In addition to these provisions available to a foreign representative under §1520 of the Bankruptcy Code, the foreign representative in a foreign main proceeding may also apply for “appropriate relief” under §1521 or seek “additional assistance” under §1507 of the Bankruptcy Code. Carved out of the additional relief provided under §1521(a)(7), is the “relief available under sections 522, 544, 545, 547, 548, 550, and 724(a).” These bankruptcy code provisions include most of the statutory bases to seek claw back claims such as preferential and fraudulent transfer claims. Instead, a foreign representative is left pursuing avoidance actions under the law applicable to the foreign estate, also known as a “Condor Action.” See Fogerty v. Condor Guar. Inc. (In re Condor Ins. Ltd.), Adv. No. 07-05049 ERG, 2008 WL 2858943 (Bankr. S.D. Miss. July 17, 2008).

In certain instances, the foreign representative seeks to recover assets within the territorial jurisdiction of the United States, which may often include pursuit of causes of action or collection of evidence against United States’ based parties. Once the case is recognized, the Bankruptcy Rules provide that other matters should be presented to the court by motion and are treated as “contested matters” in which certain rules relevant to adversary proceedings apply.
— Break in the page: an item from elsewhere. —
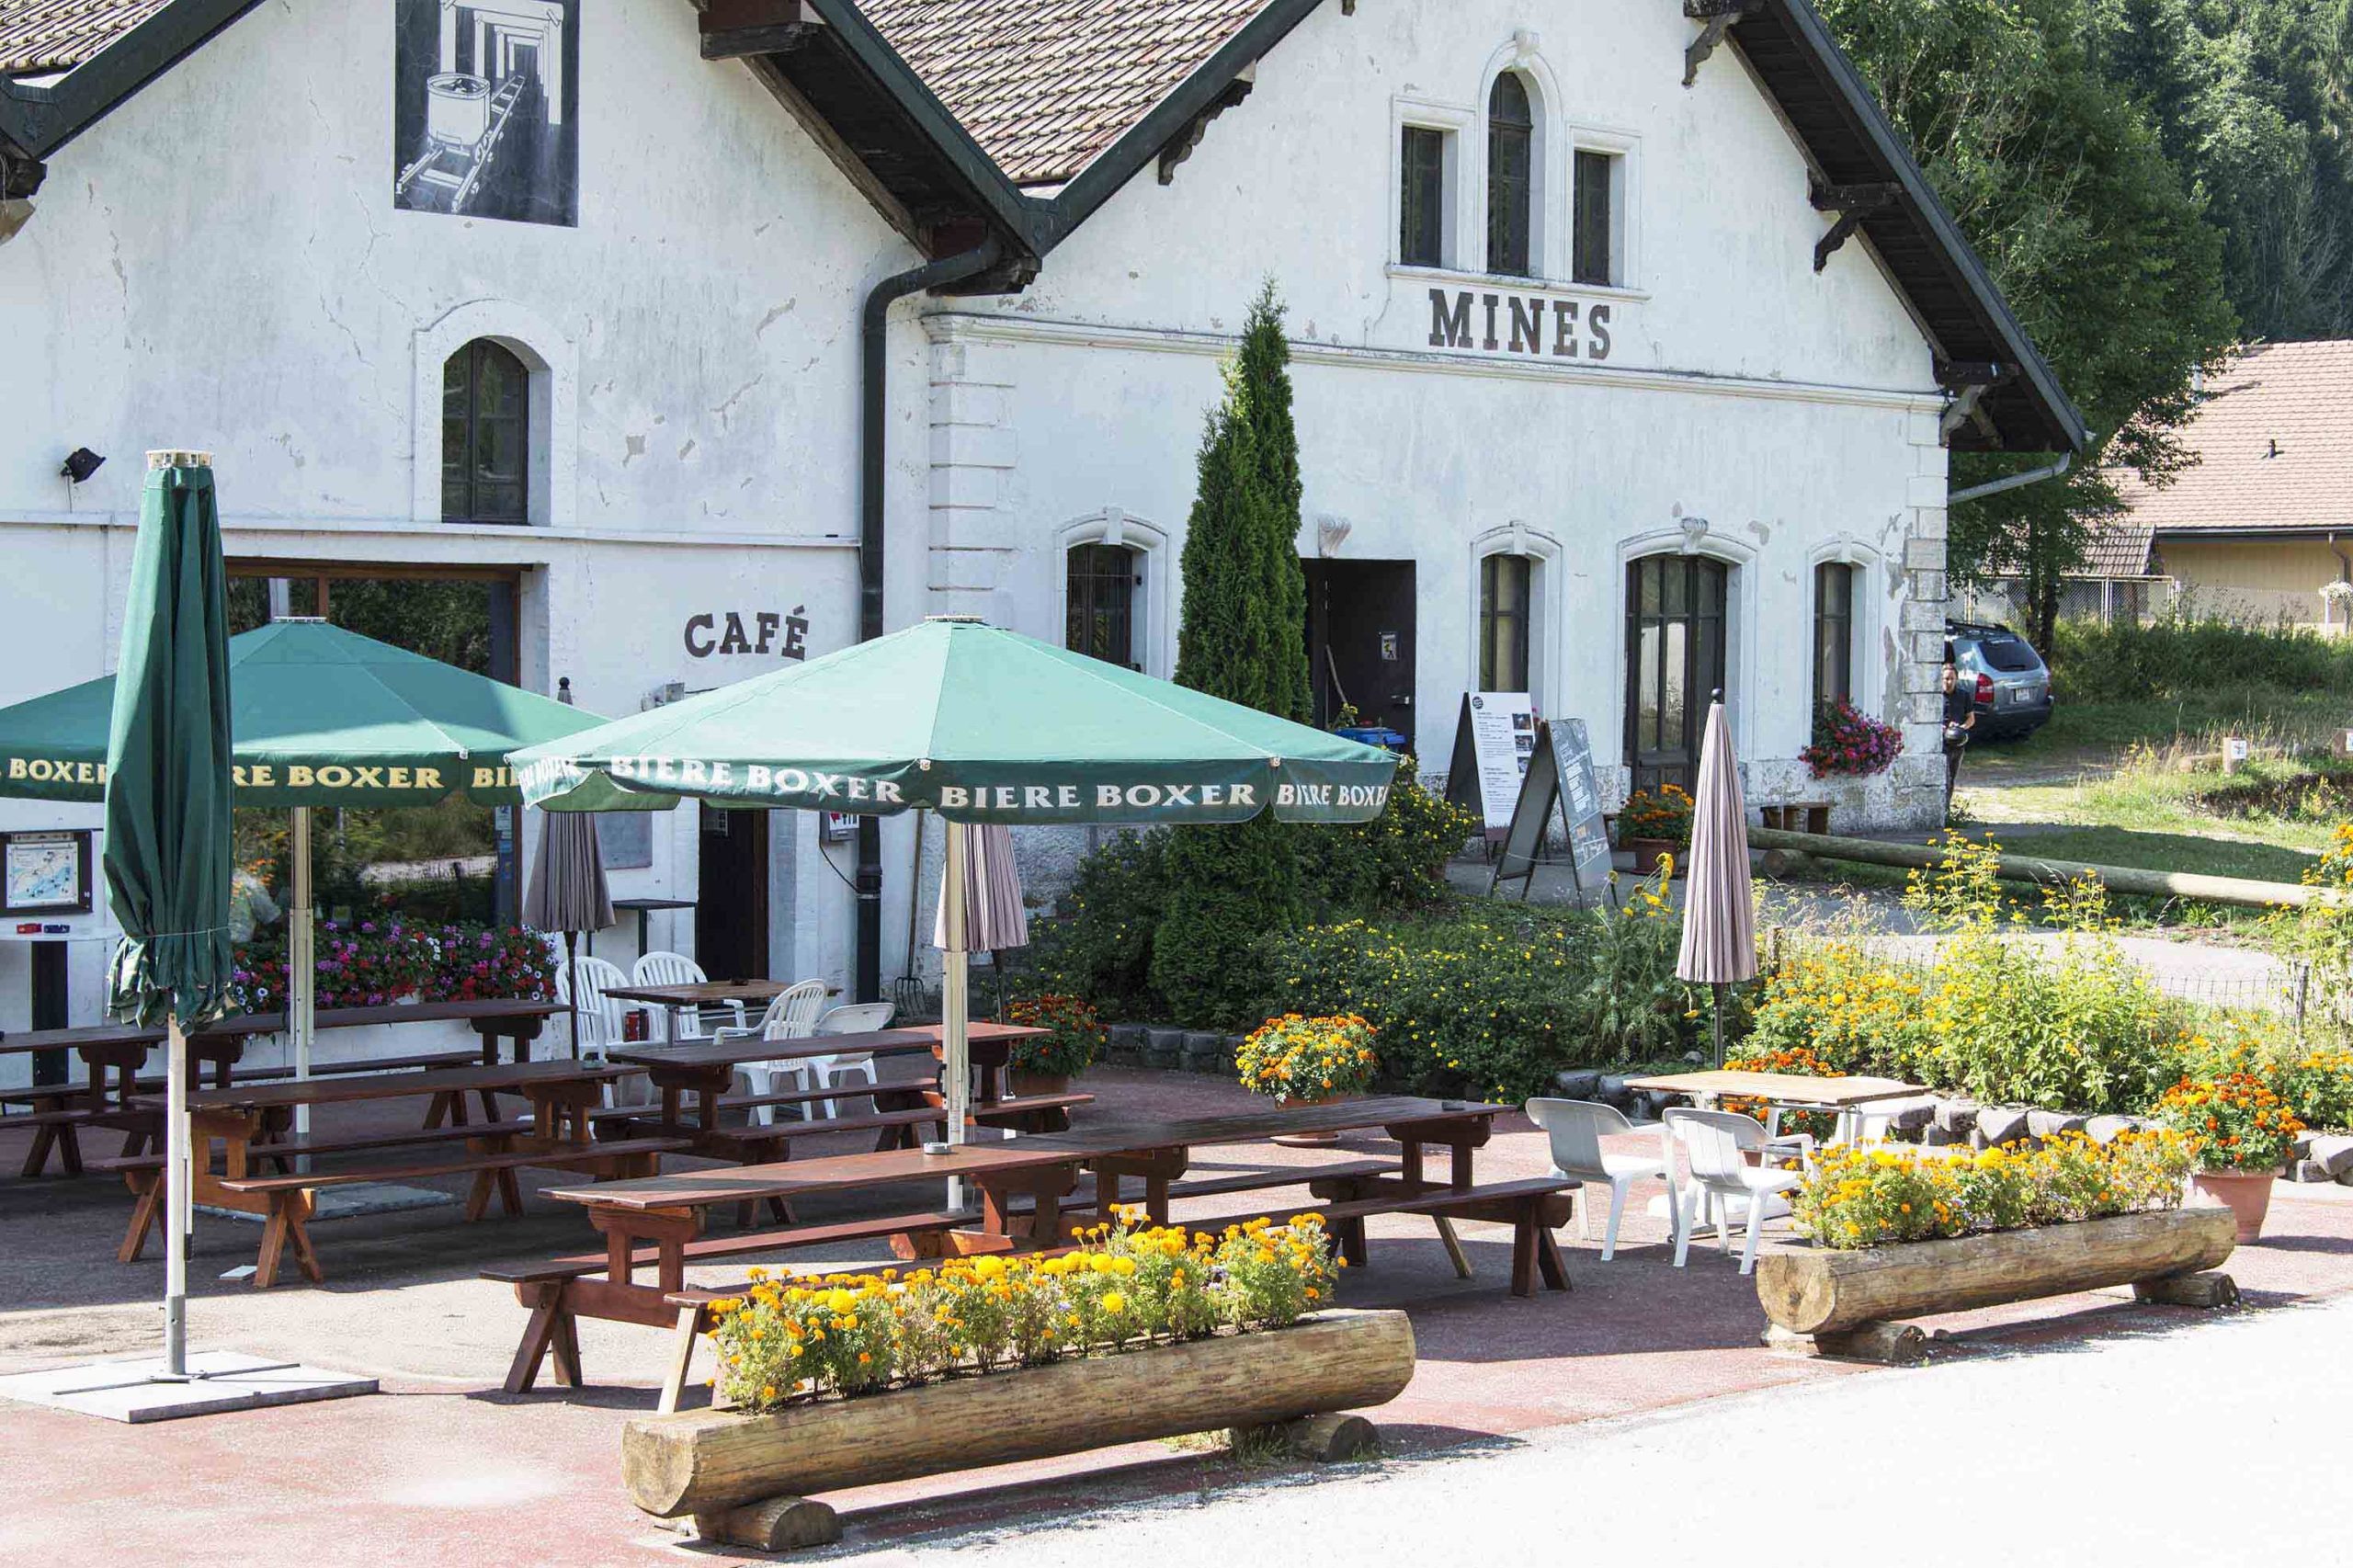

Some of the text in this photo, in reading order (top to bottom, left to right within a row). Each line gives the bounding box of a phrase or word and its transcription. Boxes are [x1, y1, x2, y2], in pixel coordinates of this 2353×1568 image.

See Fed. R. Bankr. P. 9014.

Chapter 15 Discovery

Upon recognition of either a main or non-main proceeding, a bankruptcy court is empowered to permit a foreign representative to collect evidence. Section 1521(a)(4) provides:

(a) Upon recognition of a foreign proceeding, whether main or nonmain, where necessary to effectuate the purpose of this chapter and to protect the assets of the debtor or the interests of the creditors, the court may at the request of the foreign representative, grant any appropriate relief, including —

* * *

(4) providing for the examination of witnesses, the taking of evidence or the delivery of information concerning the debtor’s assets, affairs, rights, obligations or liabilities;…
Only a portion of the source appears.